In that ballpark. I bottled mine 8 mos. after starting it. I left it on the fine lees (i.e., aged sur lie) for about 5 mos., as a "substitute" for MLF. This is said to promote creamy mouthfeel by allowing the yeast to break down and provide some so-called mannoproteins. (D47 is a recommended yeast for this.)

Also, this kit is meant to be off-dry, and so comes with an f-pack to sweeten at the end. I chose to add about 3/4 of that to primary (and hence fermented it), and only sweetened it a bit with the remaining 1/4 f-pack.

My notes:
Used D47 yeast. Added ~3/4 of f-pack to primary.

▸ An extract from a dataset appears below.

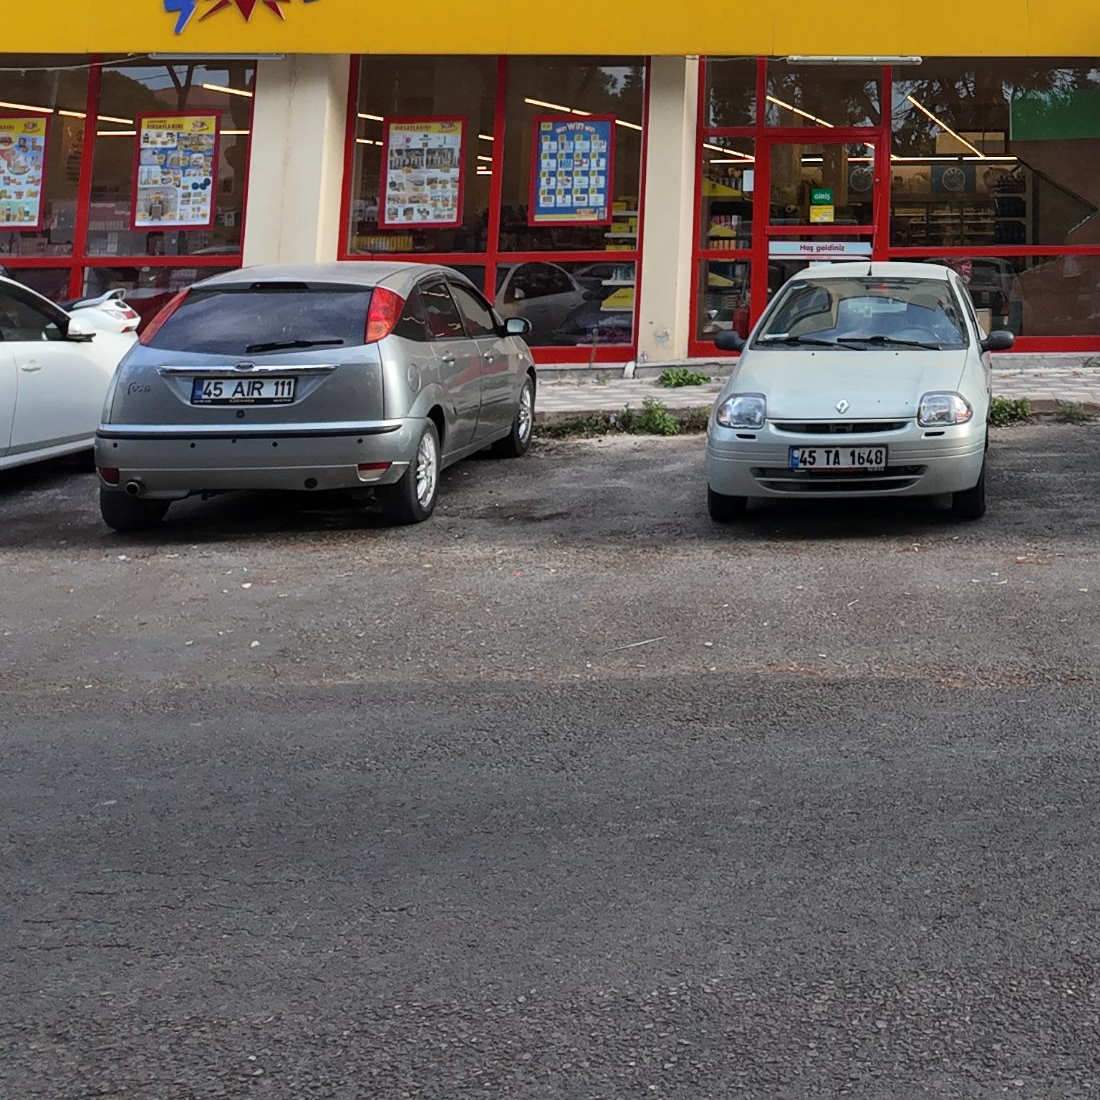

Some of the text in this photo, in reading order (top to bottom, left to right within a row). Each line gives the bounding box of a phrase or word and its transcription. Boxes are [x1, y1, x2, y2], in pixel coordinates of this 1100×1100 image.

SG before adding was 1.102, and after adding was 1.104. Kit came with 120 g (!) of oak powder. I skipped bentonite in primary. Performed battonage at ~6 weeks intervals through winter. Finally racked off fine lees on 2/21/16; added chitosan at that time. On 3/5/2016 (after clearing), added k-sorbate and 1/4 tsp k-meta, and added ~8 oz of f-pack. This raised SG from 0.992 to 0.995. Racked off sediment and added 1/4 tsp k-meta on 5/10/2016 in prep for bottling. Bottled 5/11/2016. Very nice at bottling!